4. In this theory, respiration rate increases during anion absorption, but not during cation absorption. Scientists Epstein (1955) and Handey (1955) proved by their experiments that respiration rate increases during cation absorption.

In 1933, scientist Lundigaard and his colleague Bersatrum introduced the theory about the absorption of mineral salts by plants called Lundigaard’s theory. According to this theory, cytochromes play an important role in the absorption of iron minerals, so it is also called the cytochrome pump theory. They observed that placing the plant in a solution of salt from water increased the respiration rate of the plant. They termed this increased respiration as anion-respiration or salt-respiration.
According to Lundigaard’s cytochrome pump theory, every cell has two compartments.

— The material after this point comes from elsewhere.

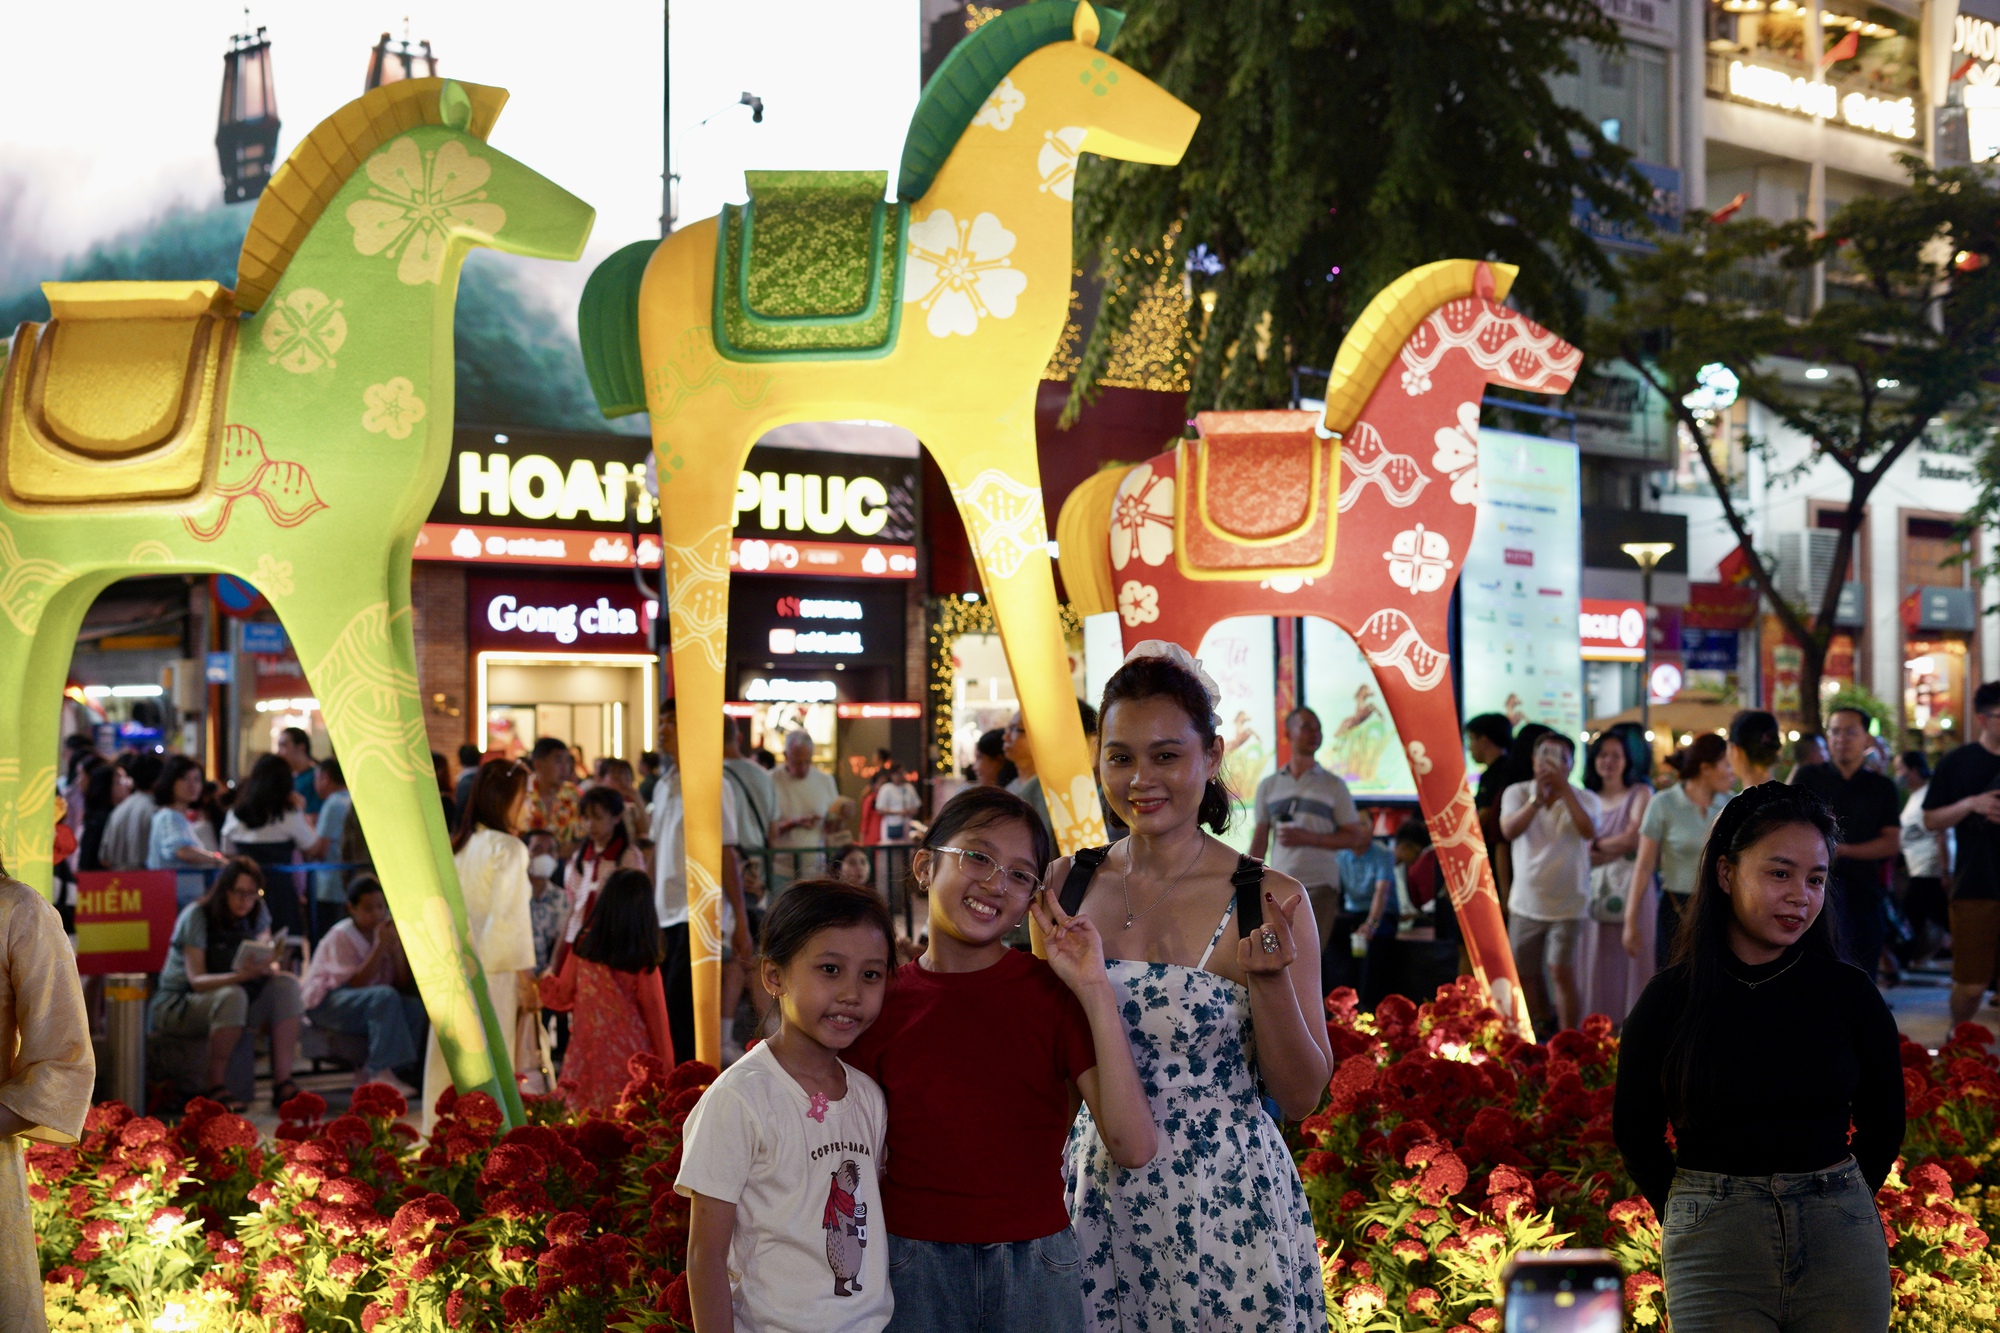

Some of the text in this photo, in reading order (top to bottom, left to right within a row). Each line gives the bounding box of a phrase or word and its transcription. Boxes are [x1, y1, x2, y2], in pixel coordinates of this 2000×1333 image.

[459, 451, 888, 536] HOAN PHUC
[488, 595, 638, 644] Gong cha

Outer floor and inner floor. Protons (H+) and electrons (e+) are produced in the dehydrogenase reaction inside the cell. Protons (H+) move directly to the outer layer of the cell and combine with oxygen to form water (H2O). On the other hand, electrons (e+) enter the cytochrome chain. Inside the cell, cytochromes are oxidized by accepting electrons. After entering the cytochrome chain, electrons (e+) cycle to the outside of the cell. On the outer surface of the cell, cytochromes are oxidized by releasing electrons. Oxidized cytochrome combines with the anion (A-) located in the cell membrane to form a ‘cytochrome-anion’ compound. The anion (A-) cycles through the cytochrome chain to the intracellular surface and accumulates. An excess of anions (A-) on the inside of the cell causes an electrical-potential difference. To equalize this electric-potential difference, cations (K+) from the outer surface of the cell move directly into the inner surface of the cell. Later, cations and anions combine to meet the cell’s mineral salt needs.
Fe++ (2A-) – e- + A- → Fe+++ (3A-)

1. Active absorption requires direct metabolic energy.
2. Active absorption requires carriers.
3. Respiration rate increases during ion absorption.
4. Enzymes play an important role in ion absorption.
5. Cations and anions can be adsorbed simultaneously.
6. Ions can be adsorbed against the gradient of concentration.

The process of absorption that requires metabolic energy is called active absorption. Most mineral salts are actively absorbed by the plant body. Professor D.R. Hogland observed that the concentration of inorganic material in cells of Nitella algae is higher than the concentration of inorganic material present in water.